- **Exercise details**:
Exclude the images and repeat all remaining entries exactly.

- **Task material**:
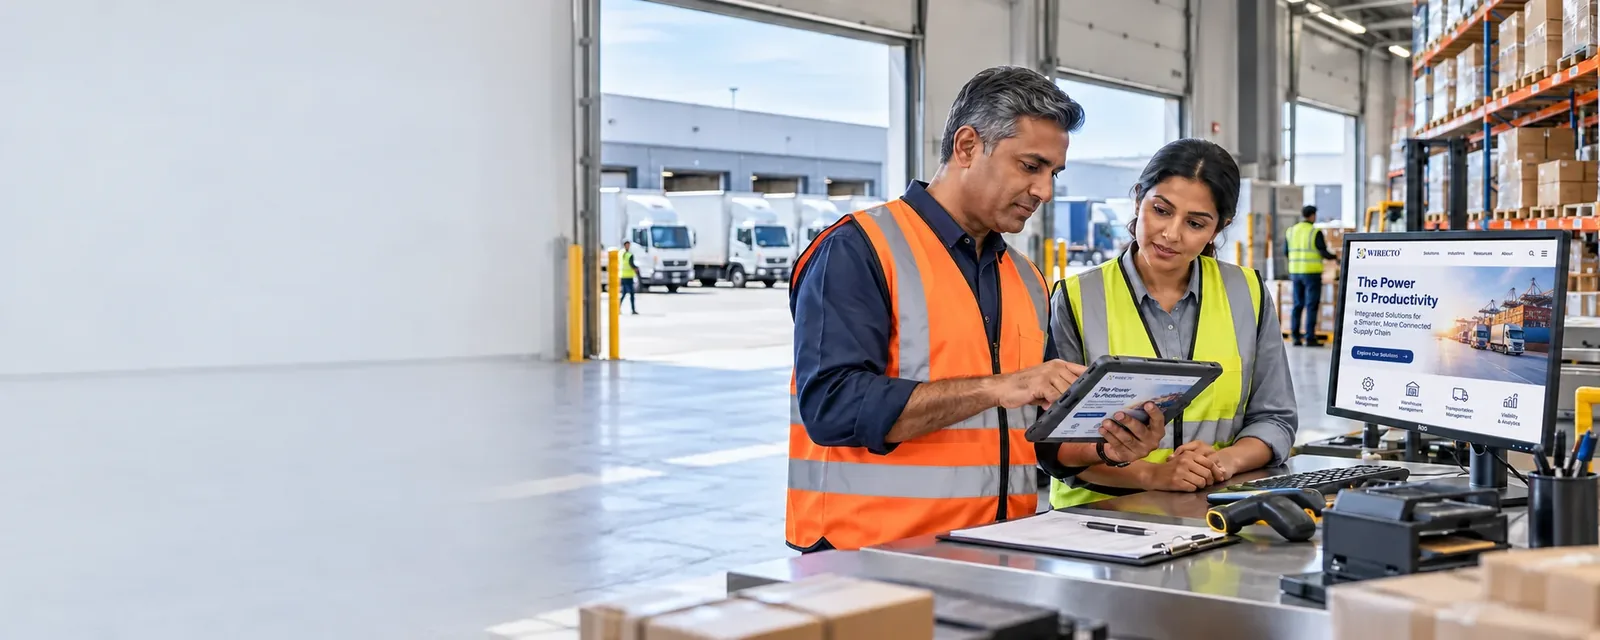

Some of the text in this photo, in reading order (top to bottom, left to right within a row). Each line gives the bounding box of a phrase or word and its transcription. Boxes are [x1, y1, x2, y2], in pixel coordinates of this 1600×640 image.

[1358, 276, 1416, 288] The Power
[1356, 292, 1438, 308] To Productivity
[1354, 310, 1384, 318] Integrated
[1359, 319, 1382, 327] Smarter,
[1353, 328, 1373, 336] Supply
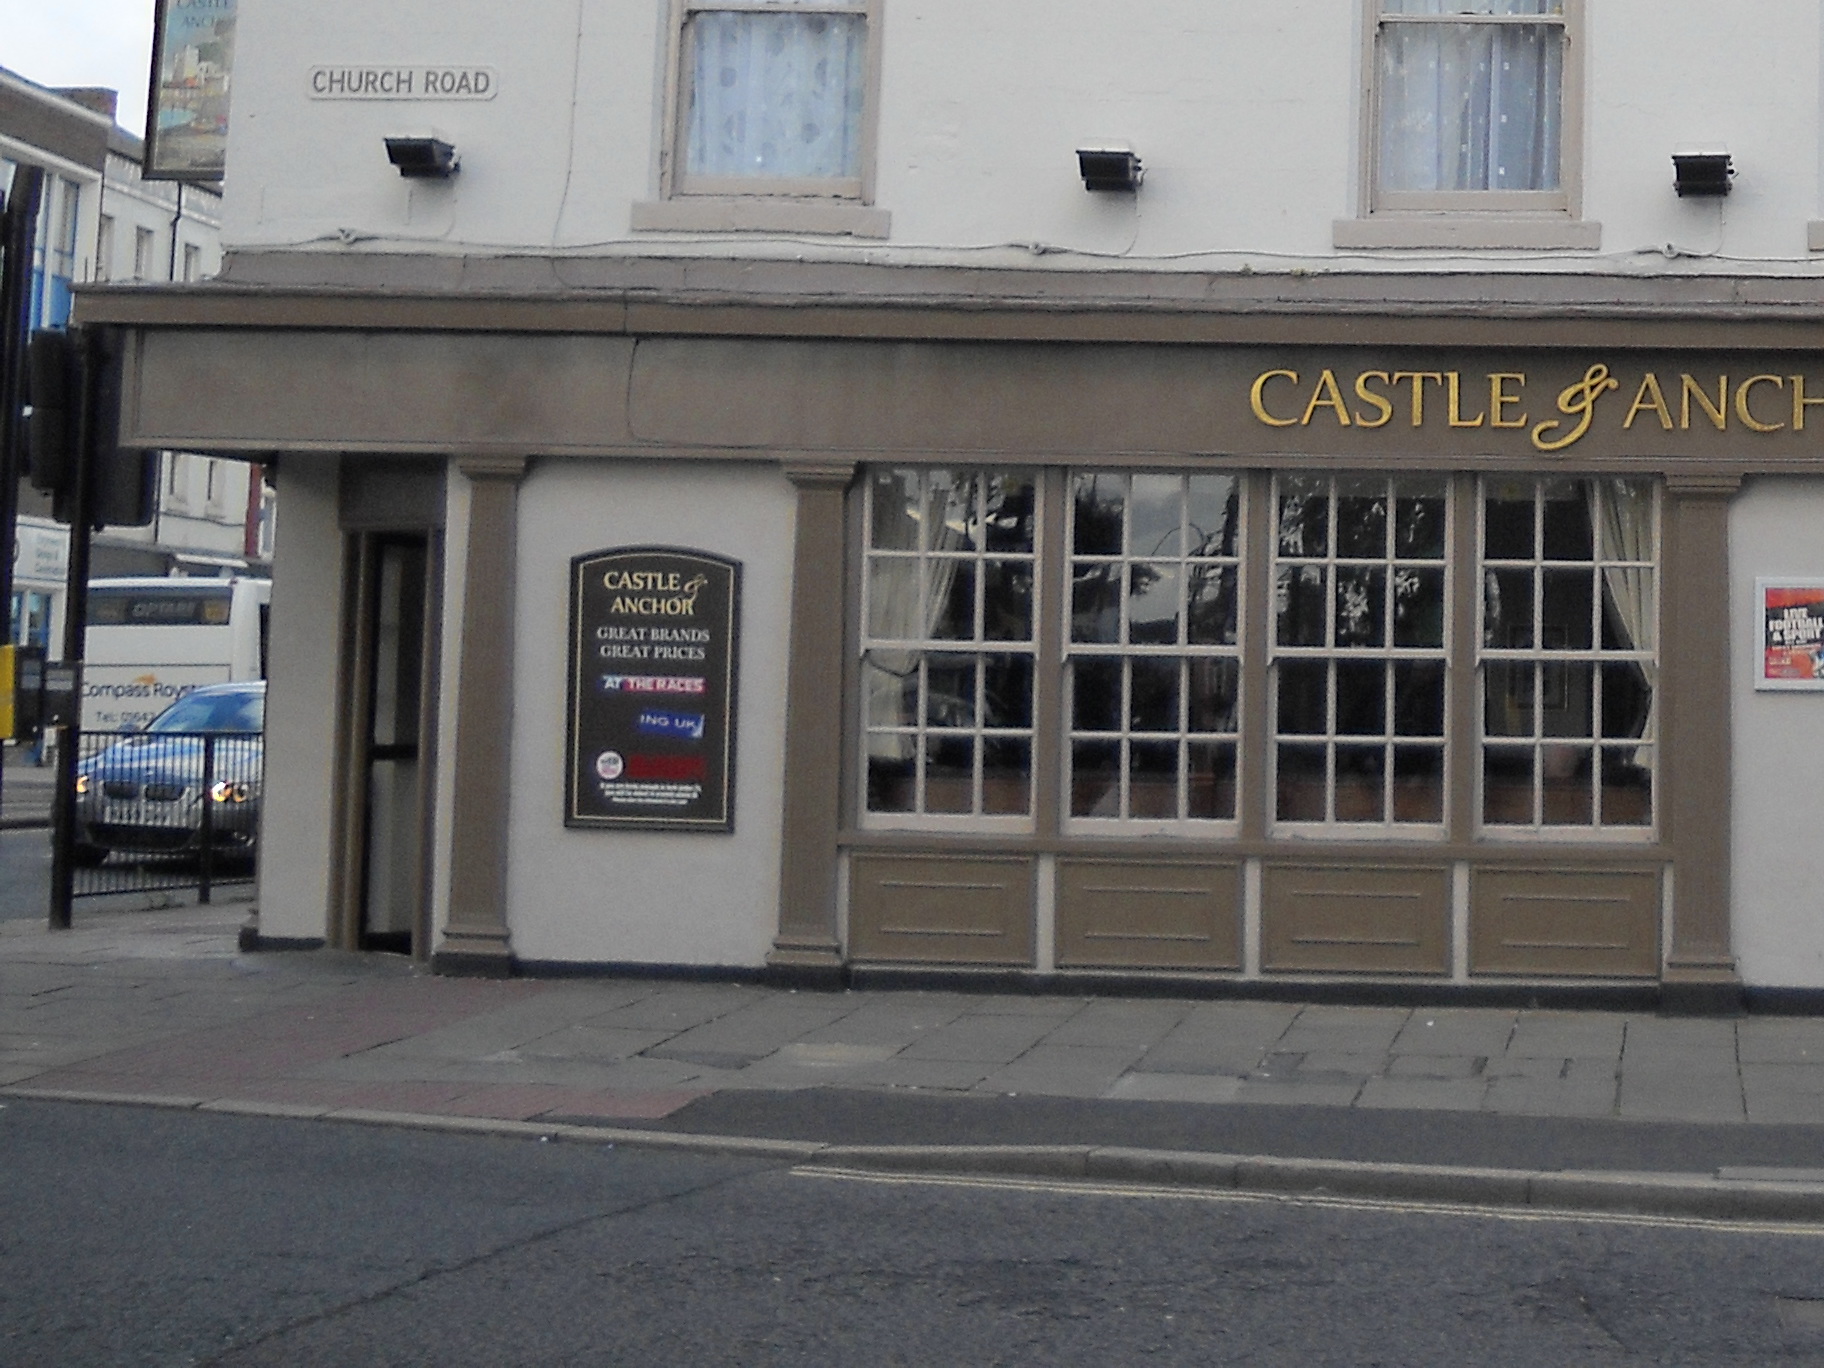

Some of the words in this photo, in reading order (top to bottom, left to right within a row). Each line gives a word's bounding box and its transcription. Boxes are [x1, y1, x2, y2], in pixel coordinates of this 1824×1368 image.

- **Result of the task**:
Some of the text in this photo, in reading order (top to bottom, left to right within a row). Each line gives the bounding box of a phrase or word and its transcription. Boxes are [x1, y1, x2, y2], in pixel coordinates of this 1600×640 image.

[1358, 276, 1416, 288] The Power
[1356, 292, 1438, 308] To Productivity
[1354, 310, 1384, 318] Integrated
[1359, 319, 1382, 327] Smarter,
[1353, 328, 1373, 336] Supply

Some of the words in this photo, in reading order (top to bottom, left to right within a row). Each line gives a word's bounding box and its transcription. Boxes are [x1, y1, x2, y2], in pixel coordinates of this 1824×1368 image.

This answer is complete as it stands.